YOUR OBJECTIVE →
Your copy should match the listing word for word, apart from the pictures, which are left out.

SUPPLIED INFORMATION →
○ ○ ○ ○ ○ ○ ○
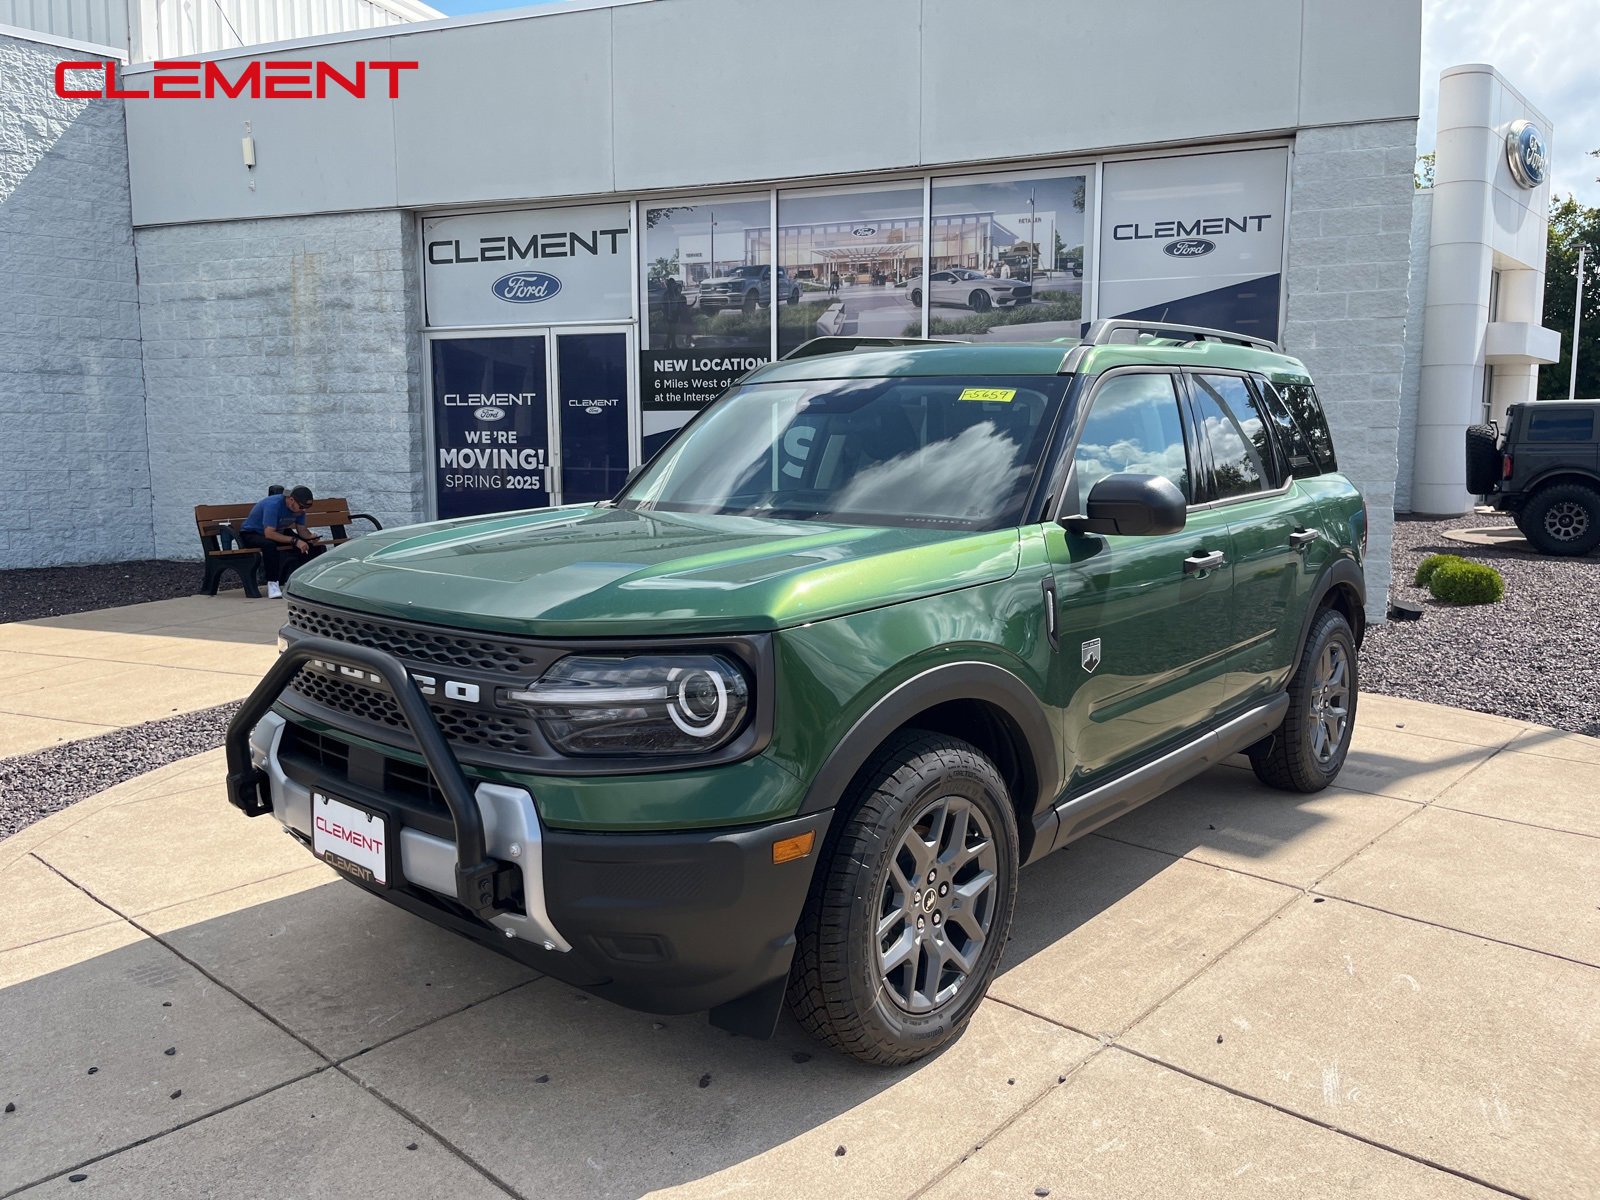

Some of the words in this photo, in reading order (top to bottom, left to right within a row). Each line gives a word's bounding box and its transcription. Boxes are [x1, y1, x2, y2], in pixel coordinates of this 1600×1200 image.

[1113, 214, 1272, 241] CLEMENT
[428, 228, 629, 265] CLEMENT
[1173, 241, 1207, 255] Ford
[504, 276, 549, 298] Ford
[653, 359, 688, 372] NEW
[654, 379, 661, 389] 6
[664, 378, 689, 389] Miles
[691, 378, 718, 388] West
[720, 377, 732, 388] of
[444, 393, 536, 406] CLEMENT
[568, 399, 619, 407] CLEMENT
[654, 393, 664, 402] at
[666, 392, 681, 402] the
[465, 431, 517, 444] WE'RE
[440, 448, 545, 470] MOVING!
[445, 474, 501, 489] SPRING
[506, 475, 540, 490] 2025
[316, 816, 383, 855] CLEMENT
[325, 852, 372, 881] CLEMENT
○ ○ ○ ○ ○ ○ ○
SOLUTION →
Some of the words in this photo, in reading order (top to bottom, left to right within a row). Each line gives a word's bounding box and its transcription. Boxes are [x1, y1, x2, y2], in pixel coordinates of this 1600×1200 image.

[1113, 214, 1272, 241] CLEMENT
[428, 228, 629, 265] CLEMENT
[1173, 241, 1207, 255] Ford
[504, 276, 549, 298] Ford
[653, 359, 688, 372] NEW
[654, 379, 661, 389] 6
[664, 378, 689, 389] Miles
[691, 378, 718, 388] West
[720, 377, 732, 388] of
[444, 393, 536, 406] CLEMENT
[568, 399, 619, 407] CLEMENT
[654, 393, 664, 402] at
[666, 392, 681, 402] the
[465, 431, 517, 444] WE'RE
[440, 448, 545, 470] MOVING!
[445, 474, 501, 489] SPRING
[506, 475, 540, 490] 2025
[316, 816, 383, 855] CLEMENT
[325, 852, 372, 881] CLEMENT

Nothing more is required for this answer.